Next-Generation Sequencing for Chromatin Biology
Uncovering the protein–DNA interactions involved in cell fate, development, and disease
in a time- and cell-specific manner is a fundamental goal of molecular biology. The
advent of the sequencing technologies has opened a new genomic era, uncovering the
information encoded in genomes, epigenomes, and transcriptomes (McPherson, 2014).
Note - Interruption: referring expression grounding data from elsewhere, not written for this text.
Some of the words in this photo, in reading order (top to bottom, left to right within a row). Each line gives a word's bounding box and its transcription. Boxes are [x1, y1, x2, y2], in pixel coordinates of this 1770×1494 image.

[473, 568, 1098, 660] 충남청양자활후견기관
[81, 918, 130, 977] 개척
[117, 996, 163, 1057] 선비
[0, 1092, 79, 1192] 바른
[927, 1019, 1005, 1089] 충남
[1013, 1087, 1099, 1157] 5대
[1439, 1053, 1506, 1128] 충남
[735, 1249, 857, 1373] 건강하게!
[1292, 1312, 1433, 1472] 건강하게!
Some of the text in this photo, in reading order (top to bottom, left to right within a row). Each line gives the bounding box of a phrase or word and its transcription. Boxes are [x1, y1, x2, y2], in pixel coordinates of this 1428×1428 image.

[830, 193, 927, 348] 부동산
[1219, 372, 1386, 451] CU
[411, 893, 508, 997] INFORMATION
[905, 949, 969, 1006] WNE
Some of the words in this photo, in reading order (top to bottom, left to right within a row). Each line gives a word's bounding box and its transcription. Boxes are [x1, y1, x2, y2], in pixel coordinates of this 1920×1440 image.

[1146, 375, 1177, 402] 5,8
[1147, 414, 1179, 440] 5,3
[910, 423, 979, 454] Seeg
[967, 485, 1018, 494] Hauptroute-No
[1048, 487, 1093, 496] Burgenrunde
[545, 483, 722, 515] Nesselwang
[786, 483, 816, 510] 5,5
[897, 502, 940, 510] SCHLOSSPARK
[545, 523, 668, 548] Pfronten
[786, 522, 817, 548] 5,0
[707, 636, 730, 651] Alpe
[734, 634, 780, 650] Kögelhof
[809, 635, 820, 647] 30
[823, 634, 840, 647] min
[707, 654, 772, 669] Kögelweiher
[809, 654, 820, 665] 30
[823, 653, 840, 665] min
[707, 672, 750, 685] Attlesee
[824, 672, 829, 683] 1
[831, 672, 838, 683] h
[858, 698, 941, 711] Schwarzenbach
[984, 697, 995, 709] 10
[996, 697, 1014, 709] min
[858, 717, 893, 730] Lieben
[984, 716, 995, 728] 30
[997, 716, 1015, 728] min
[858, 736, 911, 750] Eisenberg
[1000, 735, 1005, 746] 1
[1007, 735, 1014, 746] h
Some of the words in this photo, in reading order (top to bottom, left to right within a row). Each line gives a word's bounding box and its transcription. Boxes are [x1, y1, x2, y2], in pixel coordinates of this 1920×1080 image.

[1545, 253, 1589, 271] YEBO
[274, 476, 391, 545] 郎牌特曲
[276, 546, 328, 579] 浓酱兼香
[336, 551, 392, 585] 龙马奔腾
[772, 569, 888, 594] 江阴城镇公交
For example, the popular ChIP-based techniques ChIP-seq (Johnson et al., 2007; Robertson
et al., 2007) and ChIP-exo (Rhee and Pugh, 2011) are widely used to detect transcription
factor (TF)-binding sites using an antibody against a single protein of interest (Mahony
and Pugh, 2015). Alternative protocols assaying the chromatin landscape, such as those
based on digestion by DNase I enzyme (DNase-seq), micrococcal nuclease (MNase-seq),
and Tn5 transposase attack (ATAC-seq), enable the identification of DNA-binding protein
footprints of many TFs in a single experiment (Tsompana and Buck, 2014). Time-series
experiments might be required for the identification of those TFs cataloged as pioneer
factors, allowing their effects on chromatin to be investigated (Zaret and Carroll,
2011; Pajoro et al., 2014; Sherwood et al., 2014).
Despite the initial promise of detecting the majority of TFs in one assay, DNA sequence-specific
biases, together with TF-dependent binding kinetics, have been recently pinpointed
as major confounding factors in DNase-seq experiments (Koohy et al., 2013; He et al.,
2014; Raj and McVicker, 2014; Rusk, 2014; Sung et al., 2014). These influencing factors
were not considered by any of the previous computational approaches for the analysis
of next-generation sequencing chromatin accessibility data (Madrigal and Krajewski,
2012); neither those strategies based on TF-generic DNase signature nor those based
on TF-specific DNase signature (Luo and Hartemink, 2013).
Alleviating Sequence-Specific Biases in DNase-seq
To partly address these challenges, four recent approaches have been published that
model, predict, or explain DNase I sequence specificity in order to improve the detection
of TF occupancy events at high resolution (digital genomic footprinting). The first
method, FootprintMixture, uses a multinomial mixture model in which one mixture models
the footprint component, and the other the background component taking into account
the sequence bias (Yardimci et al., 2014). The background can be either uniform or
derived from naked DNA measurements – this is the main difference with respect to
the footprint component in CENTIPEDE (Pique-Regi et al., 2011), which assumes a uniform
background. Alternatively, more than two components may be set to detect variability
in the footprint model. Thus, the cleavage signature (number of DNase I cuts that
map to each nucleotide) is used in a multinomial mixture model to classify candidate
sites as either “bound” or “unbound” aided by 6-mer DNase sequence bias cleavage frequencies
(Yardimci et al., 2014). Remarkably, the authors found that sequence bias is DNase-seq
protocol specific. They also found that the signature of a footprint could be formed
by a mixture of DNase digestion profiles identified by unsupervised k-means clustering,
in agreement with the observations found in an earlier study (Tewari et al., 2012).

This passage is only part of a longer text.